[Collected data]
__________

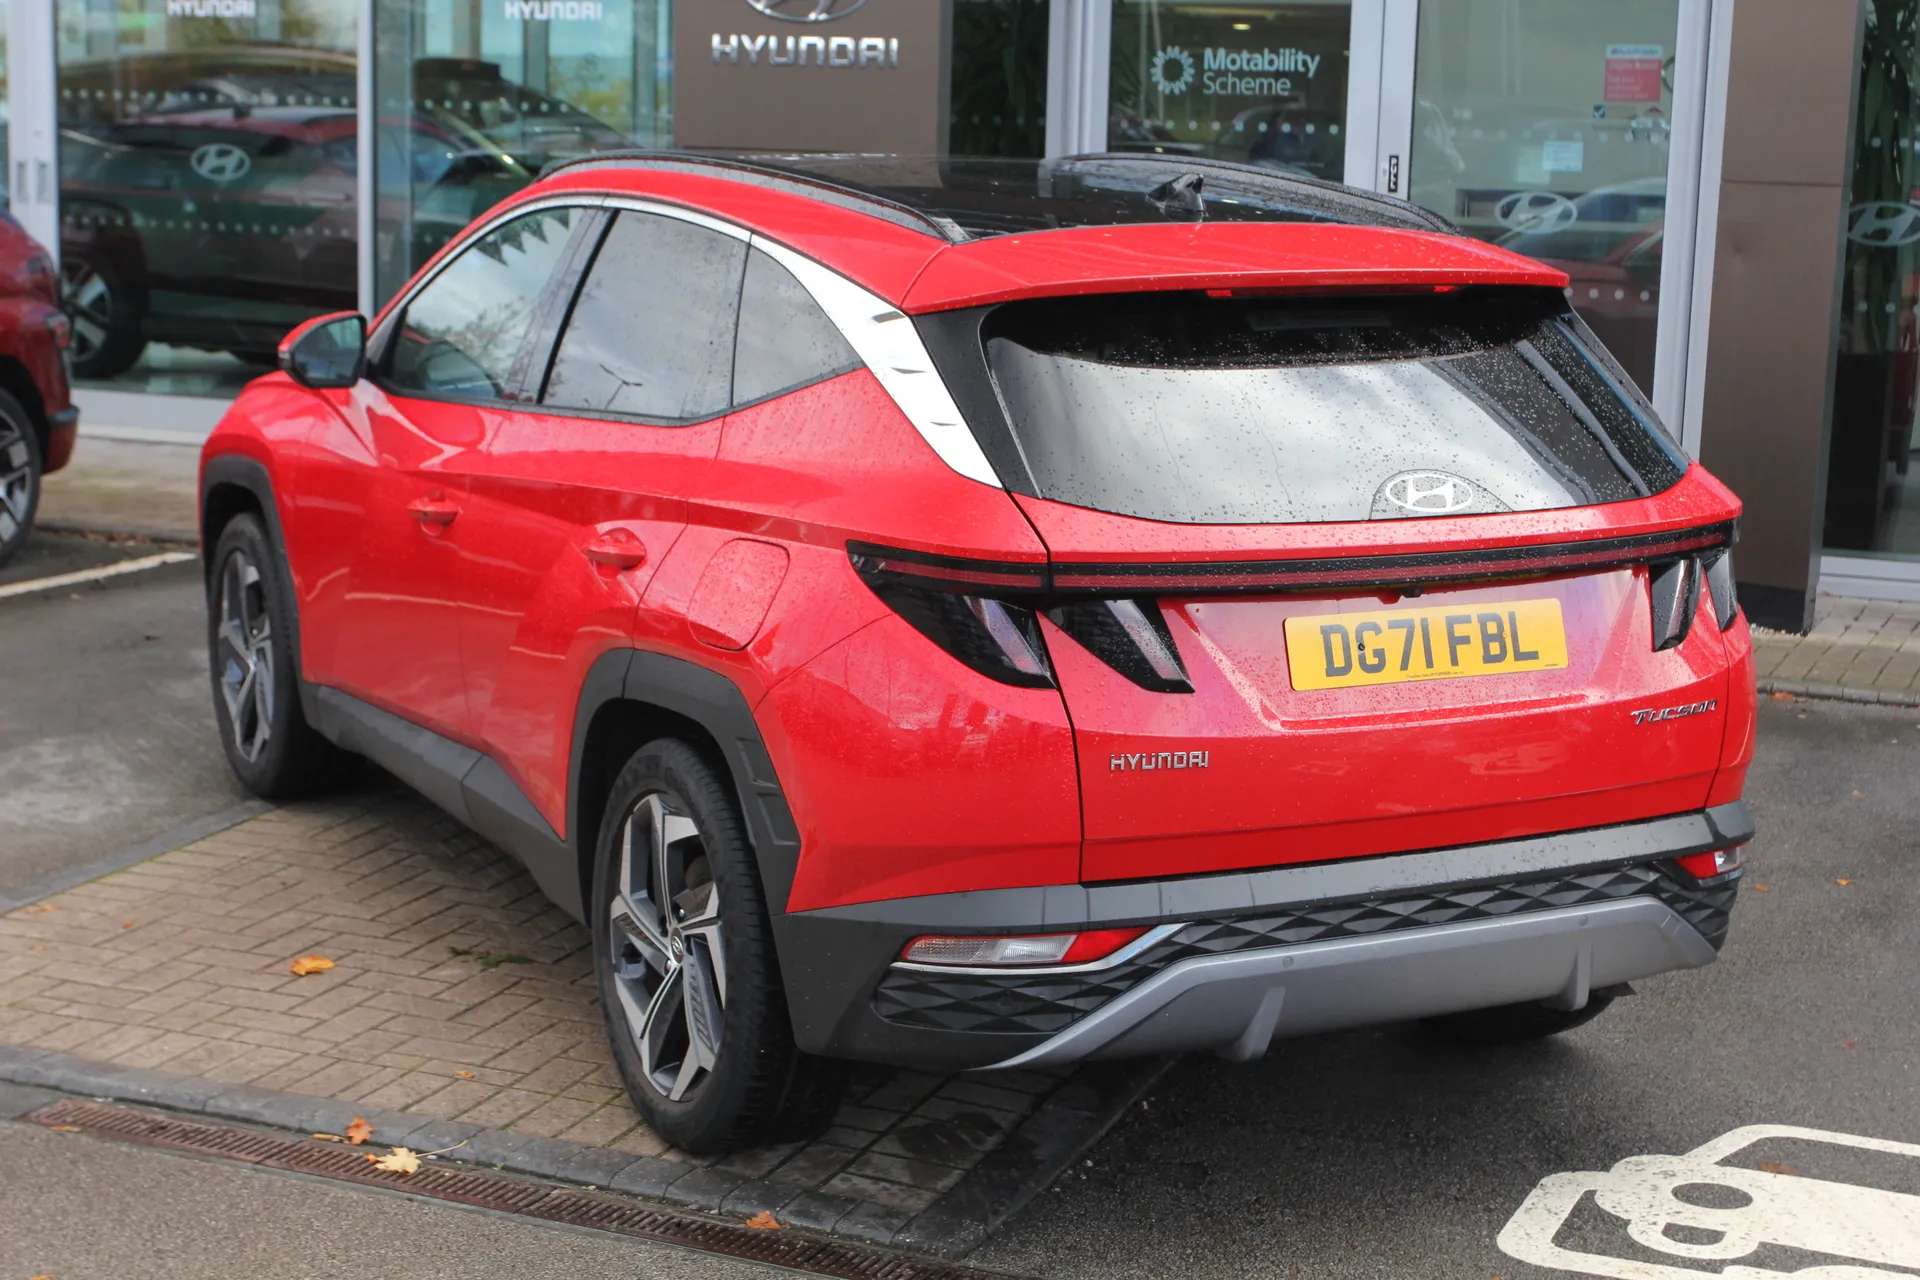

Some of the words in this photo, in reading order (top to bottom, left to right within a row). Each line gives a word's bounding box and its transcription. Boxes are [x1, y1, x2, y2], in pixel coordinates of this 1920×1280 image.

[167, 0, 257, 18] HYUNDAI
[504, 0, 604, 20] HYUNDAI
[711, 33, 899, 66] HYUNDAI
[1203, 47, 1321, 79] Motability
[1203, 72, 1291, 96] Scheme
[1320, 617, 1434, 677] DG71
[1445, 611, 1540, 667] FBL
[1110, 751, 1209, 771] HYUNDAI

__________

*Work to complete*.
This task calls for an exact copy of the data above, without pictures.

*Output*.
Some of the words in this photo, in reading order (top to bottom, left to right within a row). Each line gives a word's bounding box and its transcription. Boxes are [x1, y1, x2, y2], in pixel coordinates of this 1920×1280 image.

[167, 0, 257, 18] HYUNDAI
[504, 0, 604, 20] HYUNDAI
[711, 33, 899, 66] HYUNDAI
[1203, 47, 1321, 79] Motability
[1203, 72, 1291, 96] Scheme
[1320, 617, 1434, 677] DG71
[1445, 611, 1540, 667] FBL
[1110, 751, 1209, 771] HYUNDAI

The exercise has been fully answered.